For those that aren't familiar: Model Context Protocol is a standard protocol for giving AI agents access to external tools, so that they can directly perform work, rather than just chat with you.
Seen another way, MCP is a uniform way to:
expose an API for doing something,
along with documentation needed for an LLM to understand it,
with authorization handled out-of-band.
MCP has been making waves throughout 2025 as it has suddenly greatly expanded the capabilities of AI agents.
The "API" exposed by an MCP server is expressed as a set of "tools". Each tool is essentially a remote procedure call (RPC) function – it is called with some parameters and returns a response. Most modern LLMs have the capability to use "tools" (sometimes called "function calling"), meaning they are trained to output text in a certain format when they want to invoke a tool. The program invoking the LLM sees this format and invokes the tool as specified, then feeds the results back into the LLM as input.
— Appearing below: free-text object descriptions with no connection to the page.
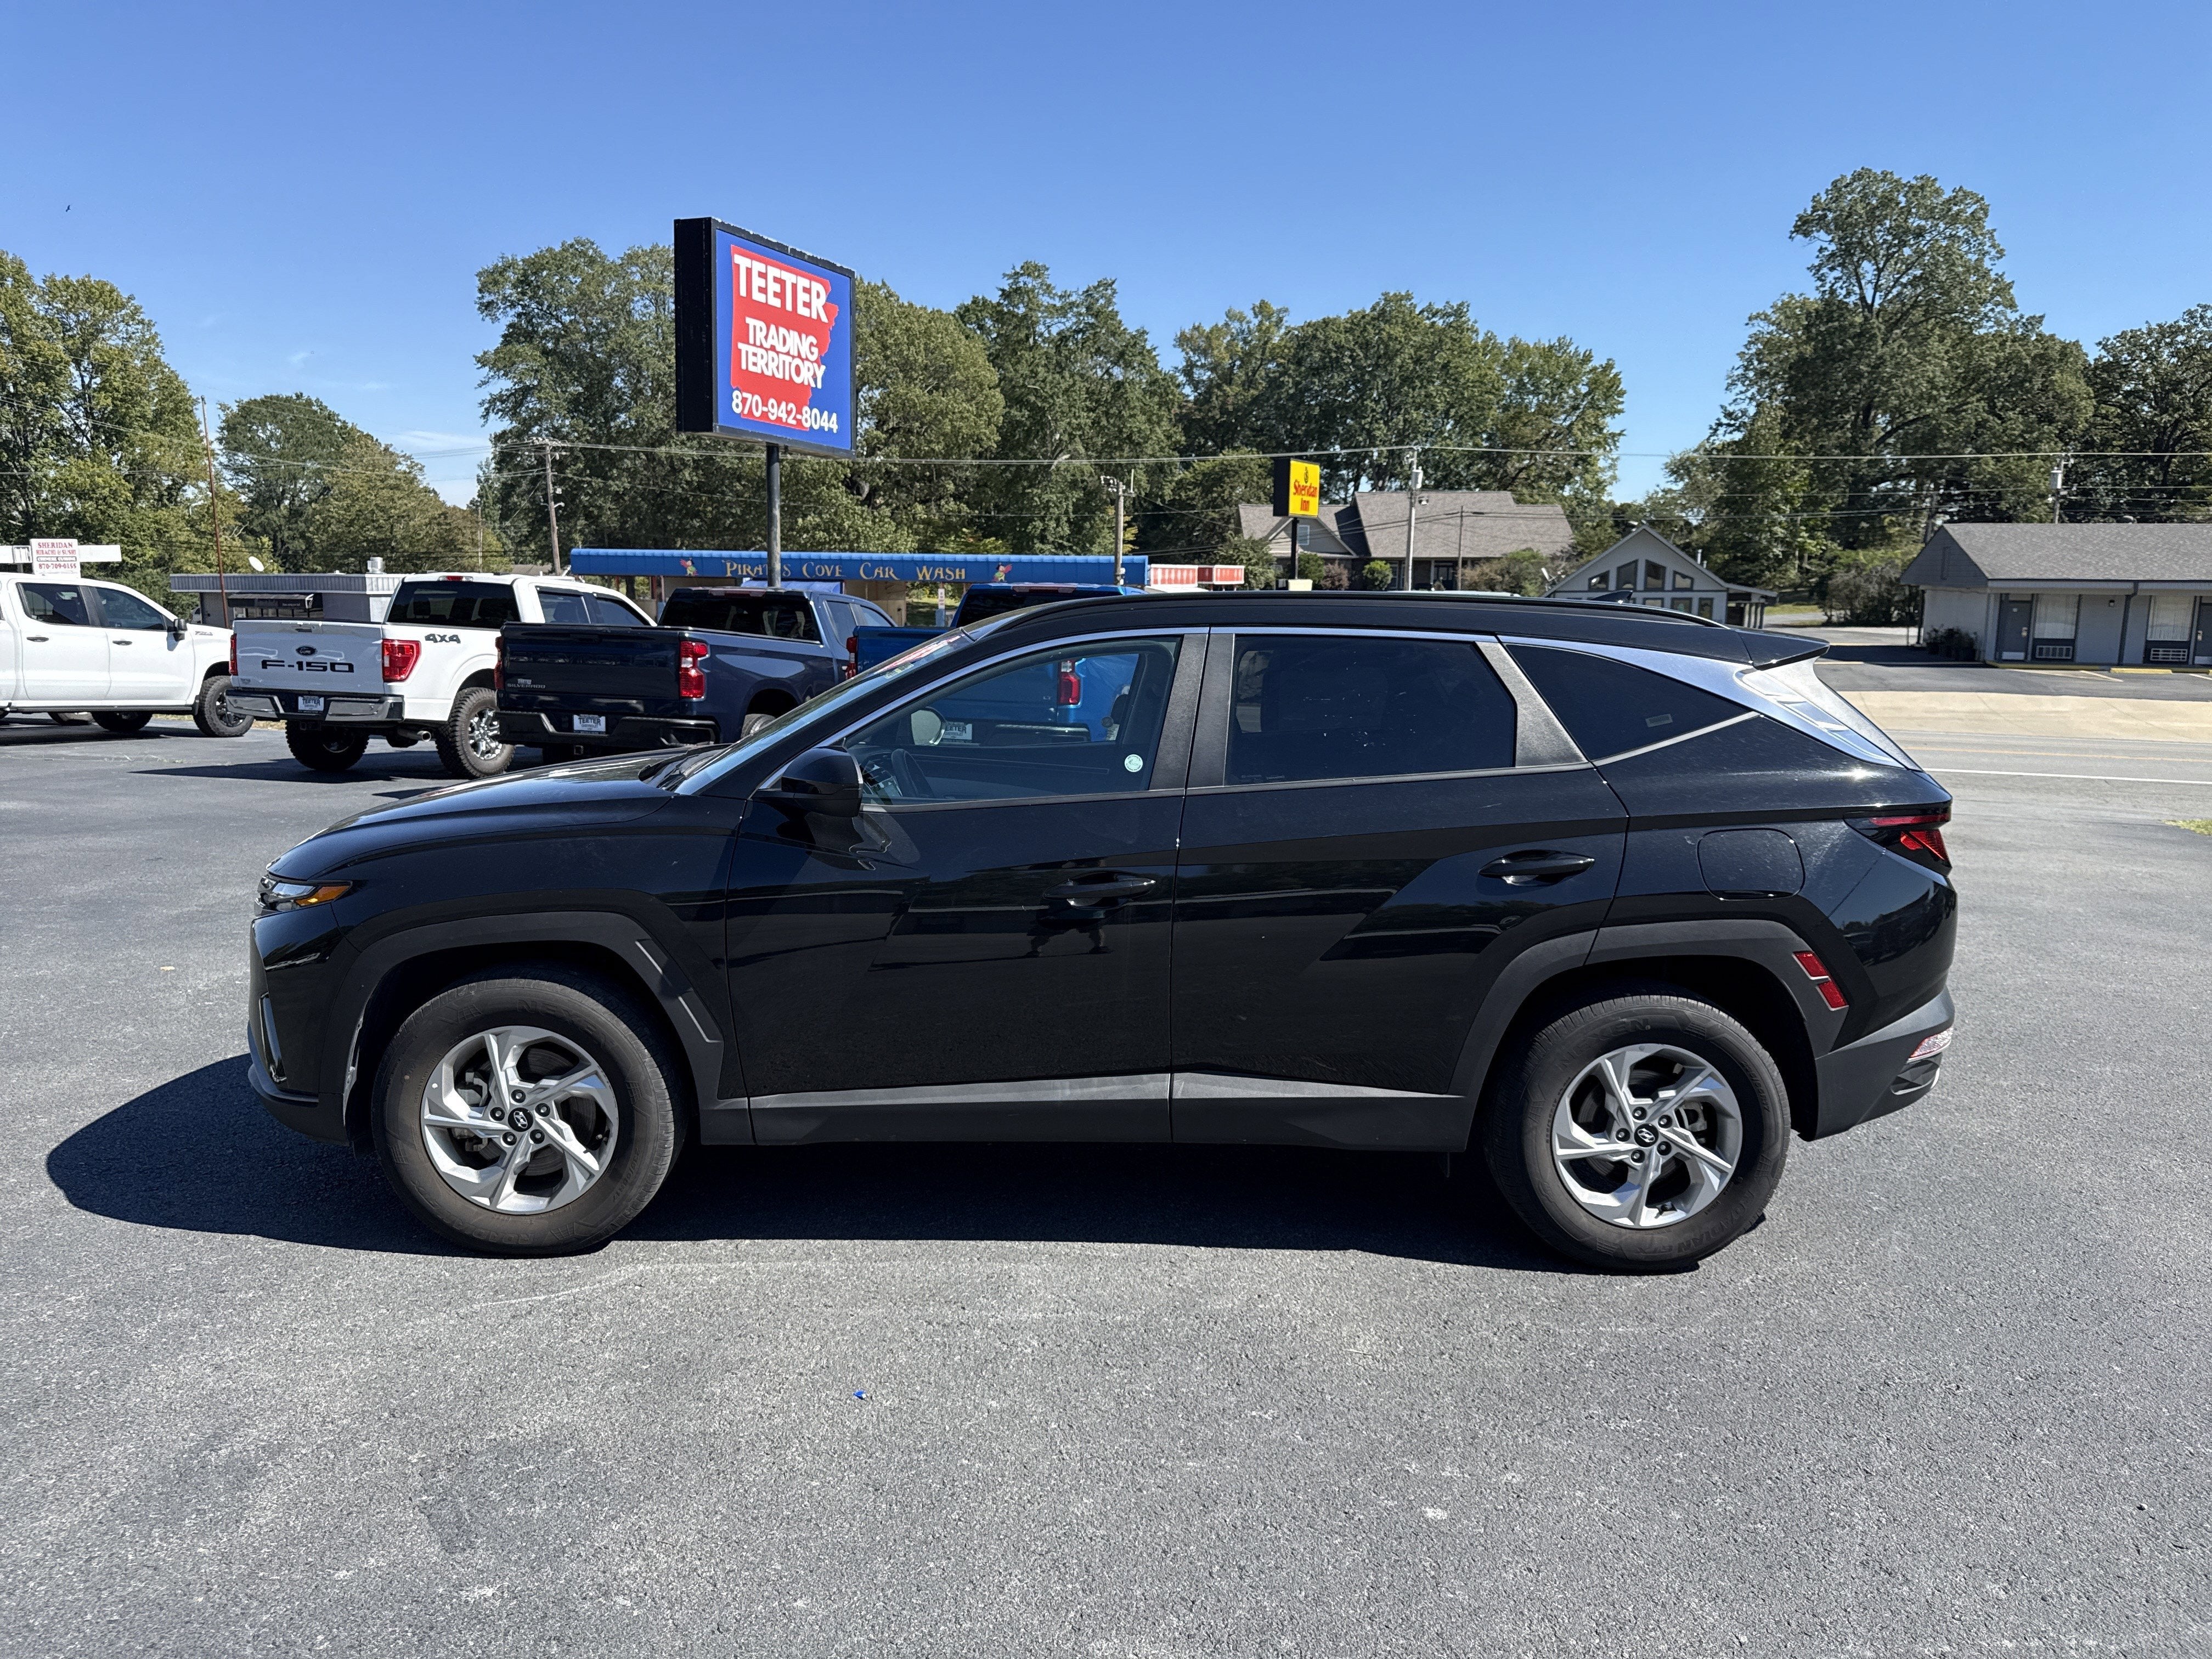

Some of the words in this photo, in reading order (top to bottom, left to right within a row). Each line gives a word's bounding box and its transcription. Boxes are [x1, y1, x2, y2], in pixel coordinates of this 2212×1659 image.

[733, 253, 829, 323] TEETER
[745, 317, 819, 362] TRADING
[737, 341, 827, 390] TERRITORY
[731, 390, 839, 434] 870-942-8044
[1293, 479, 1317, 498] Sheridan
[1300, 498, 1310, 511] Inn
[802, 561, 845, 579] COVE
[859, 562, 900, 580] CAR
[916, 565, 966, 581] WASH
[261, 659, 354, 673] F-150
[578, 716, 601, 726] TEETER
[517, 999, 617, 1053] NEXEN
Under the hood, an LLM generates a stream of "tokens" representing its output. A token might represent a word, a syllable, some sort of punctuation, or some other component of text.
A tool call, though, involves a token that does not have any textual equivalent. The LLM is trained (or, more often, fine-tuned) to understand a special token that it can output that means "the following should be interpreted as a tool call," and another special token that means "this is the end of the tool call." Between these two tokens, the LLM will typically write tokens corresponding to some sort of JSON message that describes the call.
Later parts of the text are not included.